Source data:
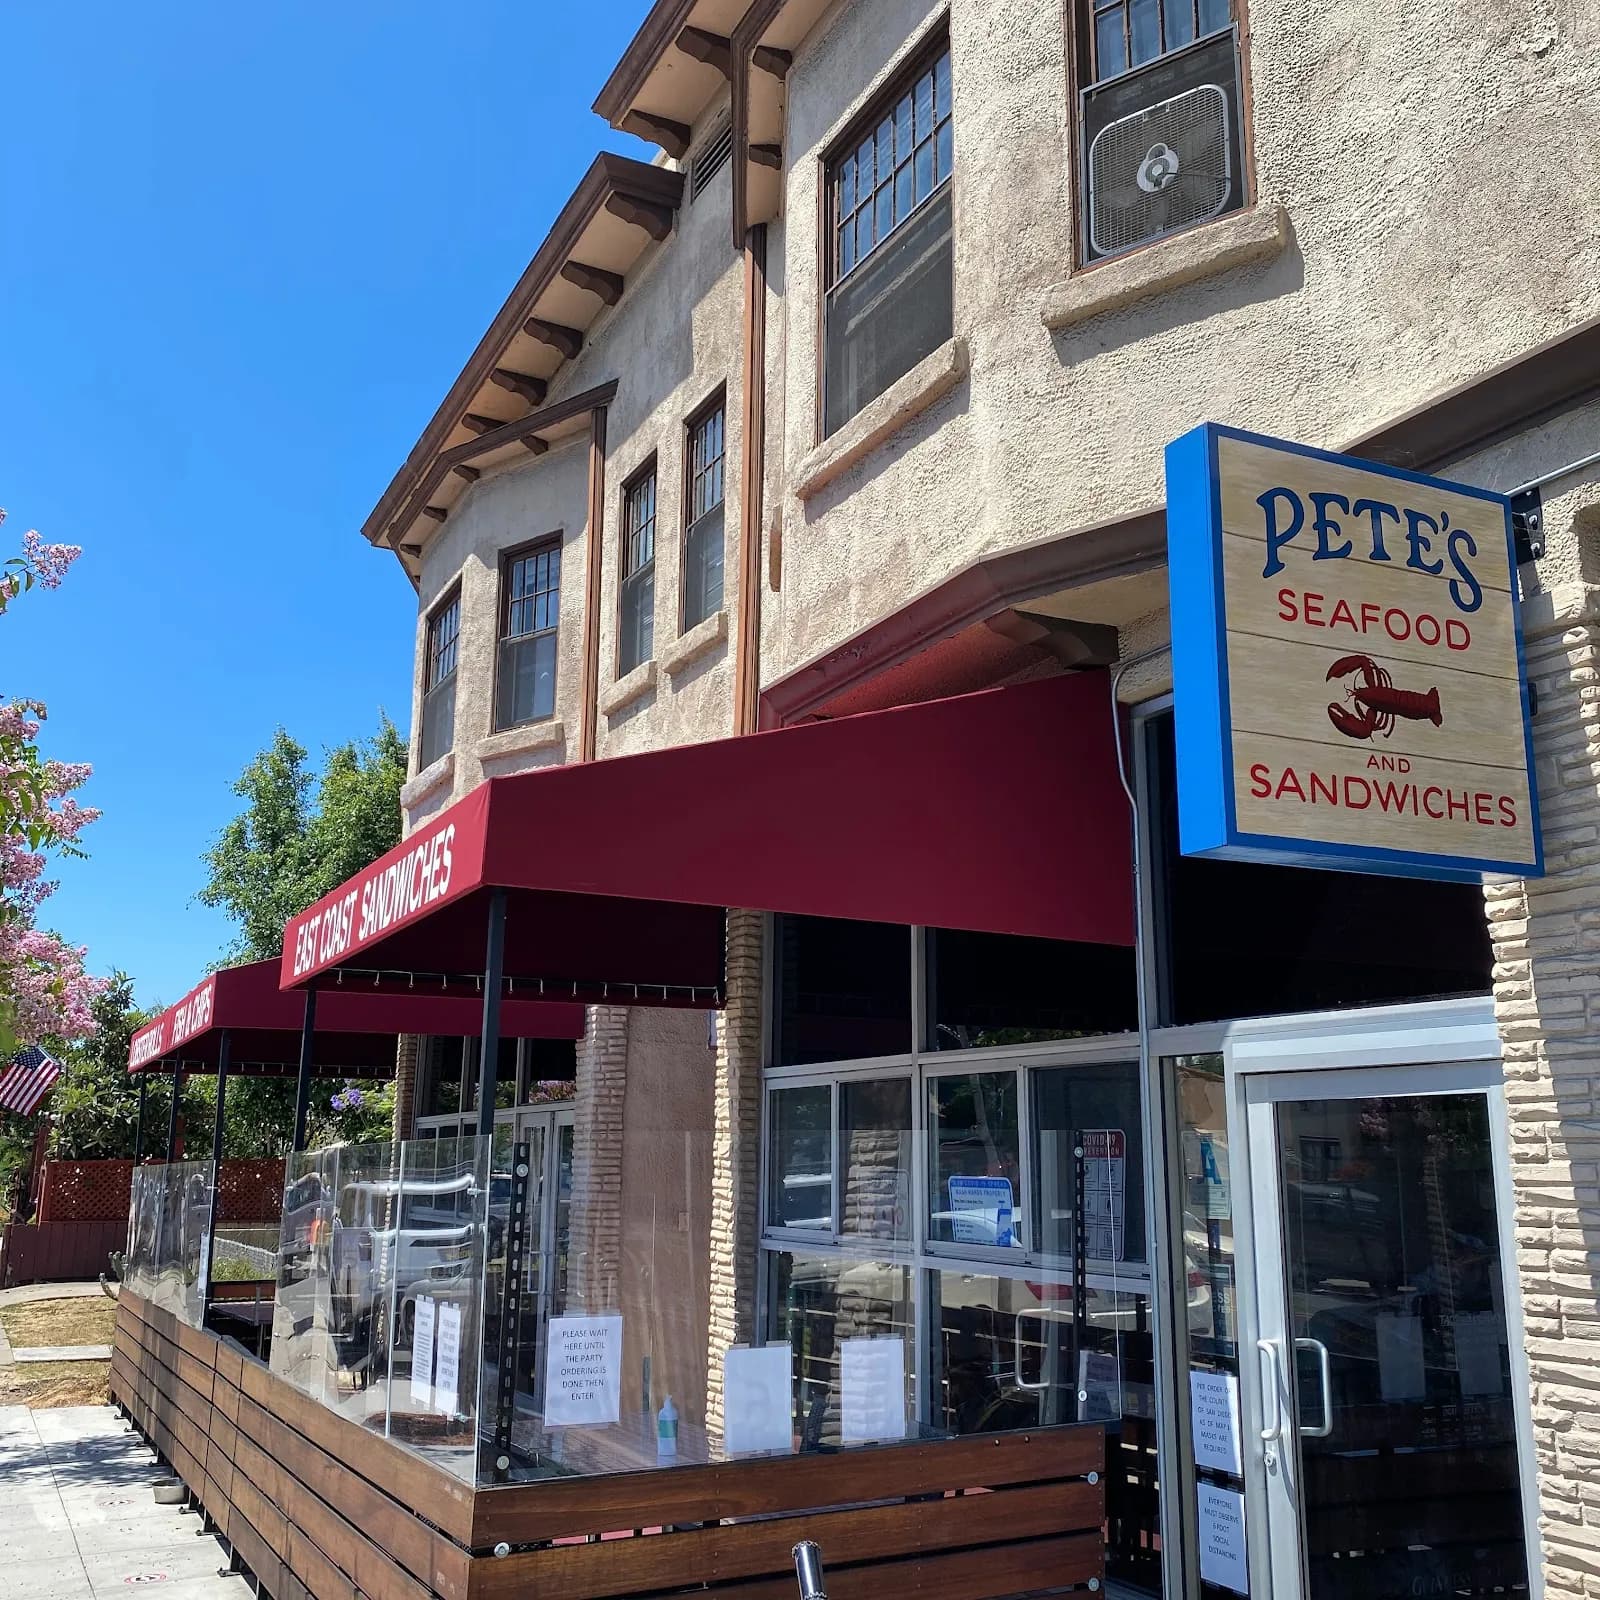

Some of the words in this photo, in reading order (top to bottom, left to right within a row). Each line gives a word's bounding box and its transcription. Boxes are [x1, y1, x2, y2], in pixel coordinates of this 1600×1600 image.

[1256, 487, 1482, 612] PETE'S
[1278, 588, 1471, 651] SEAFOOD
[1366, 754, 1411, 774] AND
[1250, 763, 1517, 828] SANDWICHES
[293, 912, 322, 977] EAST
[319, 889, 358, 963] COAST
[358, 823, 456, 941] SANDWICHES
[191, 984, 212, 1033] CHIPS
[562, 1330, 587, 1338] PLEASE
[589, 1329, 608, 1337] WAIT
[584, 1342, 605, 1350] UNTIL
[565, 1355, 579, 1363] THE
[580, 1354, 603, 1362] PARTY
[560, 1367, 599, 1376] ORDERING
[600, 1366, 607, 1374] IS
[562, 1380, 584, 1388] DONE
[585, 1379, 604, 1387] THEN
[571, 1392, 594, 1401] ENTER
[1201, 1431, 1217, 1440] MASKS
[1204, 1443, 1227, 1454] REQUIRED
[1208, 1497, 1232, 1509] EVERYONE
[1204, 1507, 1219, 1517] MUST
[1213, 1535, 1230, 1546] SOCIAL
[1208, 1546, 1237, 1560] DISTANCING

*Task goal*
The expected output is every entry, retyped exactly, with all pictures removed.

*Response to the task*
Some of the words in this photo, in reading order (top to bottom, left to right within a row). Each line gives a word's bounding box and its transcription. Boxes are [x1, y1, x2, y2], in pixel coordinates of this 1600×1600 image.

[1256, 487, 1482, 612] PETE'S
[1278, 588, 1471, 651] SEAFOOD
[1366, 754, 1411, 774] AND
[1250, 763, 1517, 828] SANDWICHES
[293, 912, 322, 977] EAST
[319, 889, 358, 963] COAST
[358, 823, 456, 941] SANDWICHES
[191, 984, 212, 1033] CHIPS
[562, 1330, 587, 1338] PLEASE
[589, 1329, 608, 1337] WAIT
[584, 1342, 605, 1350] UNTIL
[565, 1355, 579, 1363] THE
[580, 1354, 603, 1362] PARTY
[560, 1367, 599, 1376] ORDERING
[600, 1366, 607, 1374] IS
[562, 1380, 584, 1388] DONE
[585, 1379, 604, 1387] THEN
[571, 1392, 594, 1401] ENTER
[1201, 1431, 1217, 1440] MASKS
[1204, 1443, 1227, 1454] REQUIRED
[1208, 1497, 1232, 1509] EVERYONE
[1204, 1507, 1219, 1517] MUST
[1213, 1535, 1230, 1546] SOCIAL
[1208, 1546, 1237, 1560] DISTANCING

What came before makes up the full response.